Talked to Advertising Age about the mobile data segment in Q109
Who Needs the iPhone? Verizon Beats AT&T in New Customers
Telecom’s First-Quarter Sales Rise 3%; Wireless Revenue Up 29%
By Rita Chang
Published: April 27, 2009
SAN FRANCISCO (AdAge.com) — Amid all the talk about what the iPhone has done for AT&T, Verizon is also delivering — without a killer handset.
Verizon offers a wide choice of handsets, including a BlackBerry lineup.
Verizon narrowly beat AT&T in new customers in the most recent quarter, netting 1.3 million new subscribers vs. the 1.2 million added by AT&T, and it did so without the latter’s advantage of the exclusive, sought-after smartphone from Apple. Verizon now has 86.6 million customers to AT&T’s 78 million.
Verizon’s first-quarter sales rose about 3% to $26.6 billion, and its wireless-service revenue grew 29% from a year ago. The carrier’s net income was $3.2 billion, up from $3 billion a year ago.
The results emboldened Verizon President-Chief Operating Officer Denny Strigl to take a swipe at AT&T’s strategy of making the iPhone a centerpiece of its wireless business. Responding to a report during the company’s earnings call that Verizon was negotiating with Apple to sell the iPhone after AT&T’s exclusivity agreement ends next year, Mr. Strigl said Verizon has “not been dependent on any one device. … We have a strong handset lineup.”

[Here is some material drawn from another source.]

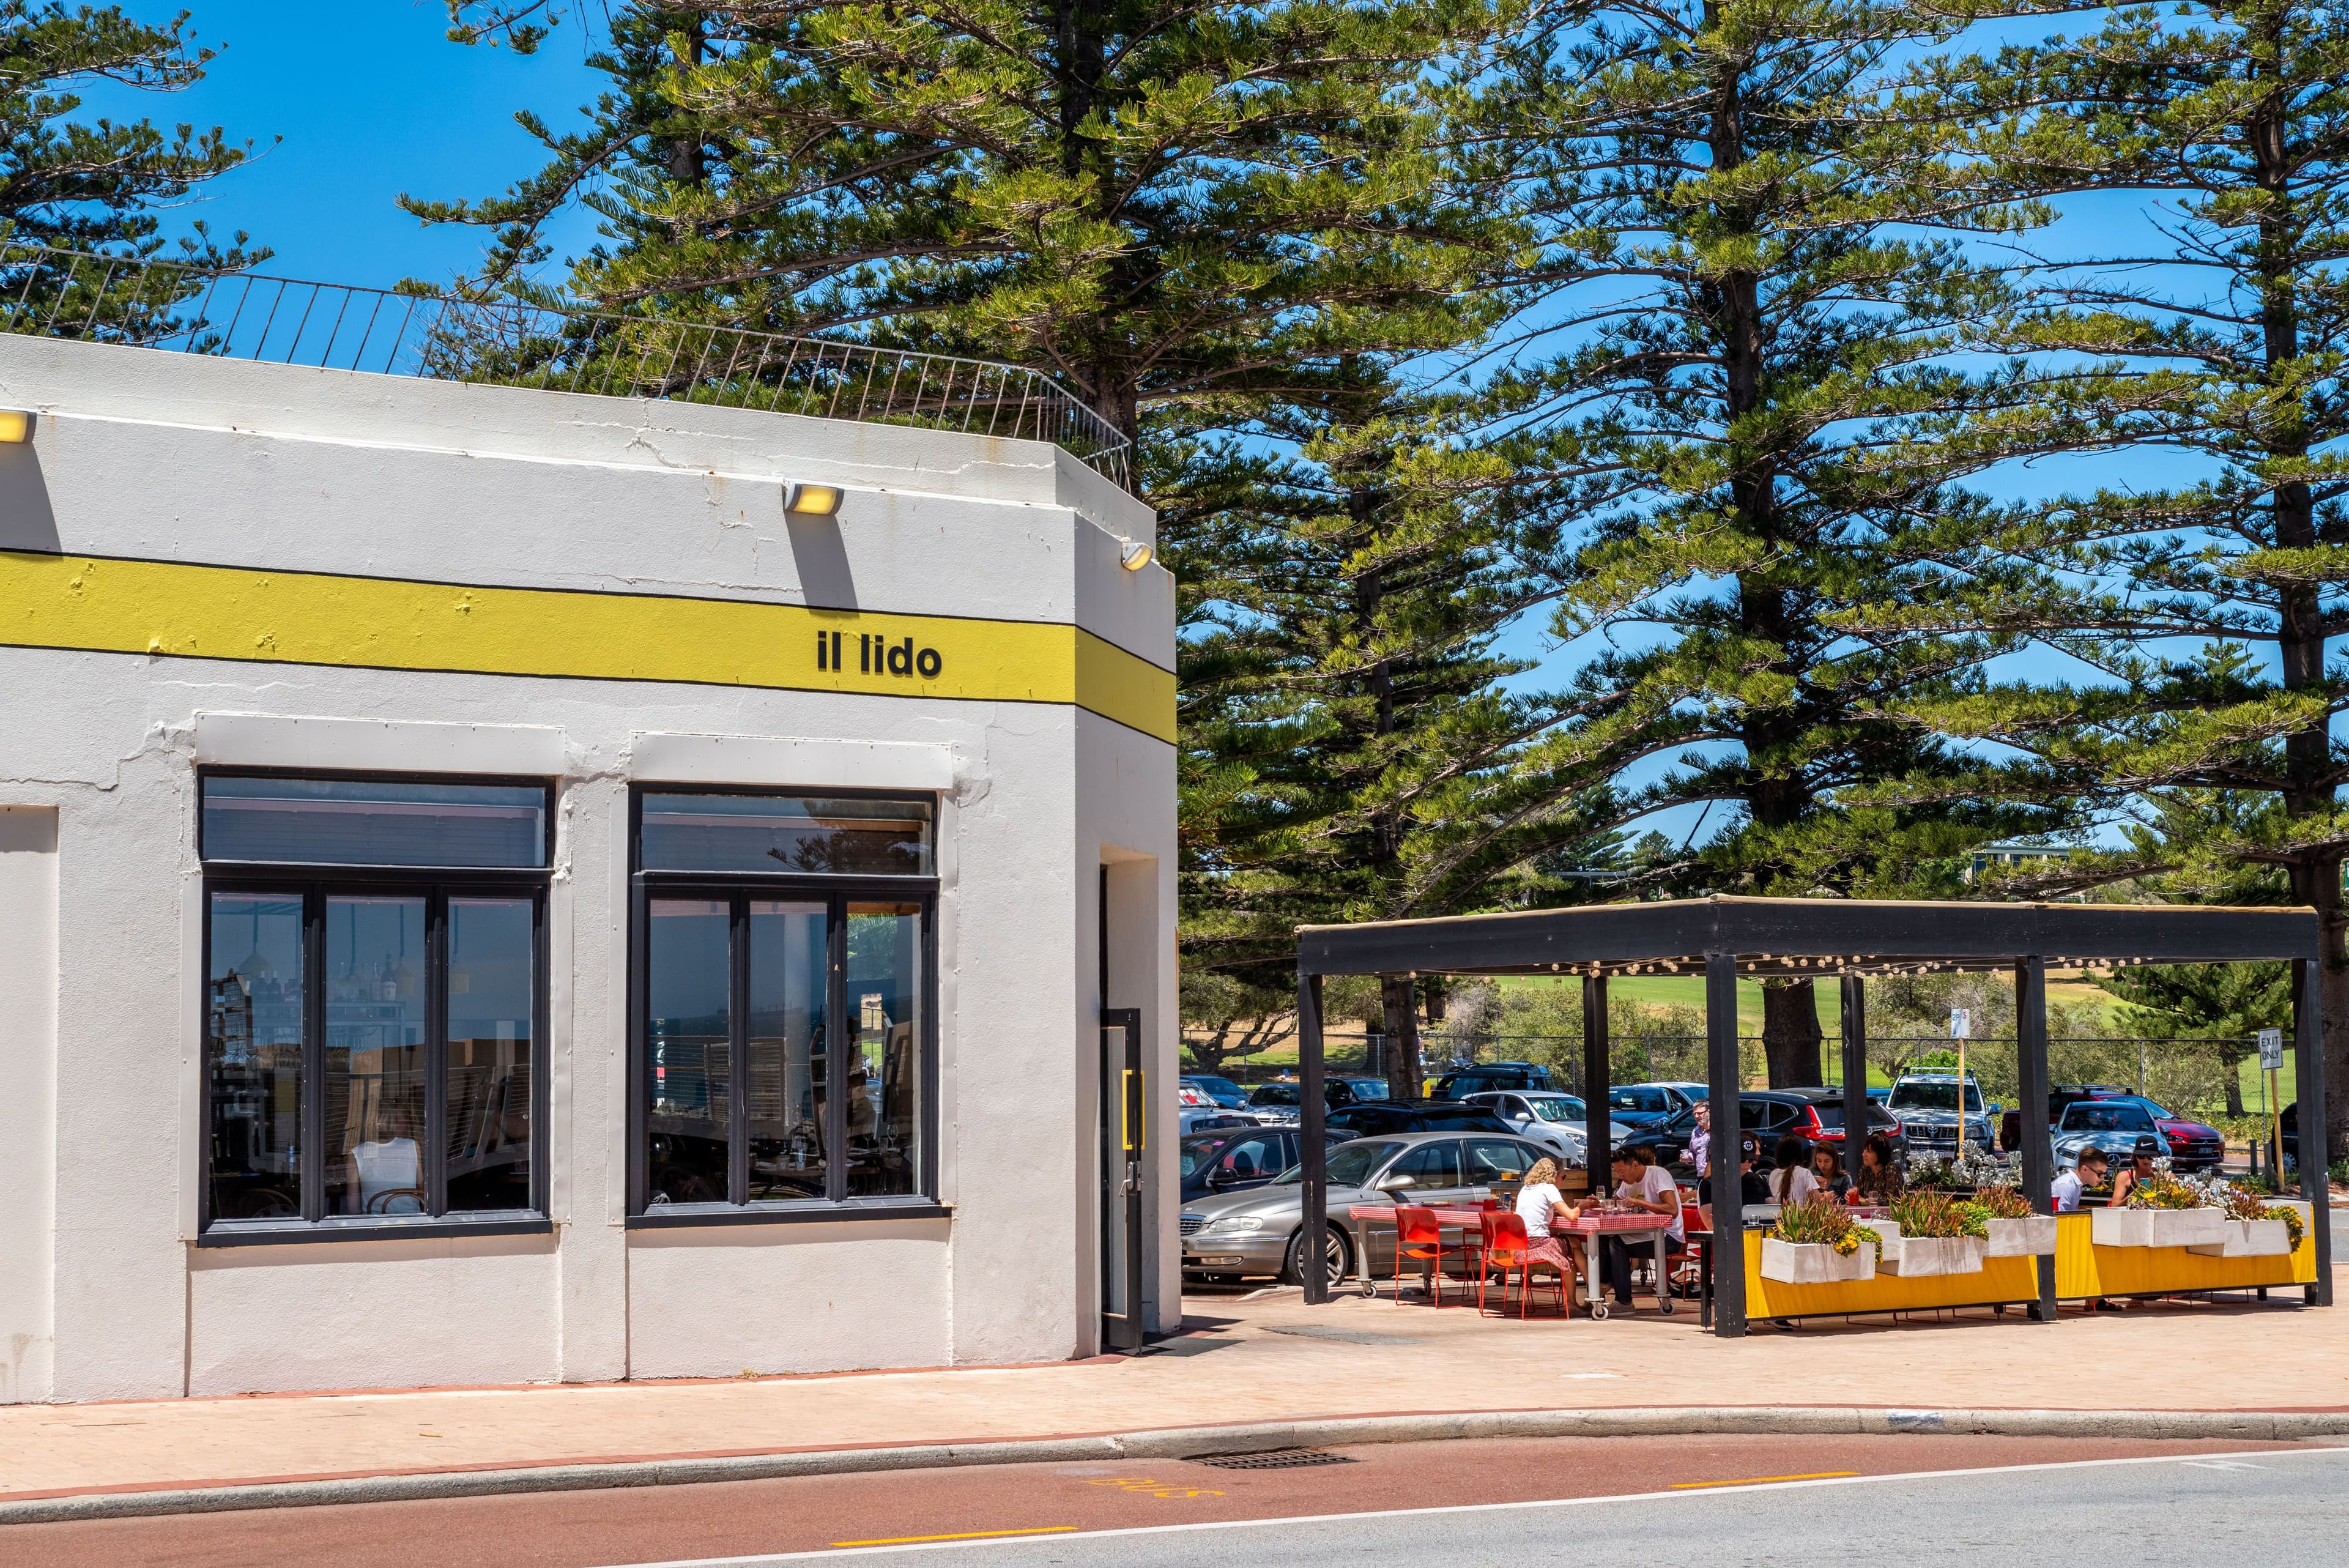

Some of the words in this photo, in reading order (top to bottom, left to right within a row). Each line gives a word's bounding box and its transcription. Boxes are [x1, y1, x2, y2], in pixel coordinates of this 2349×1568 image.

Among U.S. carriers, Verizon has the widest array of handsets to choose from, including 3G handsets — a strategy that is paying off for the company. “The data consumption across their handsets is high,” said telecom analyst Chetan Sharma, adding that 55% of Verizon subscribers have 3G devices vs. a 42% national average.
“It doesn’t mean that if you don’t have the iPhone, you are doomed,” Mr. Sharma said.
James Brehm, an analyst at Frost & Sullivan, agreed that Verizon’s investments in the breadth of its handset offerings have paid off. “Its lineup of handsets is broader than any carrier out there, and they’re asking handset makers to do interesting things,” he said, citing the wide choices in Verizon’s BlackBerry lineup, multimedia phones from LG and Samsung, as well as “slider” phones for the texting generation, with keyboards that slide out from underneath the phone. “You’re looking at a broad portfolio that can touch about just every need.”
Squeezing more out of subscribers
But subscriber growth is getting harder to come by. AT&T and Verizon are partly stealing from each other (and most notably from Sprint, which last quarter shed 1.3 million subscribers), but they are also facing a U.S. wireless-handset base that is approaching 90% penetration. As the number of new customers shrinks, carriers are looking for ways to squeeze more dollars out of their subscribers by selling them wireless data plans as well as data-hungry smartphones.
With consumers looking to upgrade their handsets every 15 months on average, carriers have learned to use attractive handset promotions to get users to commit to two-year contracts and reap the revenue on the back end. During its most recent quarter, Verizon launched a promotion to give away a BlackBerry Storm for every one purchased, banking on the data plan required of users of the first touch-screen BlackBerry to produce revenue later.
Verizon and its competitors have also looked at bringing wireless connectivity to other devices to milk more revenue out of their 3G networks. Some of the 1.3 million new customers Verizon brought onboard signed up for wireless broadband services that plug into laptops and netbooks. That business was growing in the double digits until late last year, when the recession caused companies to pull the plug on wireless data plans for their mobile work forces.
Verizon’s wireless churn rate was about 1% in the first quarter of 2008, but this past quarter it rose to 1.14%. Verizon said that was partly due to the economy, and attributed it to service cancellations by small businesses.
Another bright spot in Verizon’s earnings was its FiOS network, which delivers high-speed internet and video service to homes in select U.S. markets. The company has been aggressively pitching the service as it continues to build out the network, taking aim at the cable companies. The promotions have paid off, as Verizon added a record 298,000 FiOS customers this past quarter vs. 288,000 in the fourth quarter. Close to 300,000 FiOS video customers joined the service vs. 303,000 in the fourth quarter.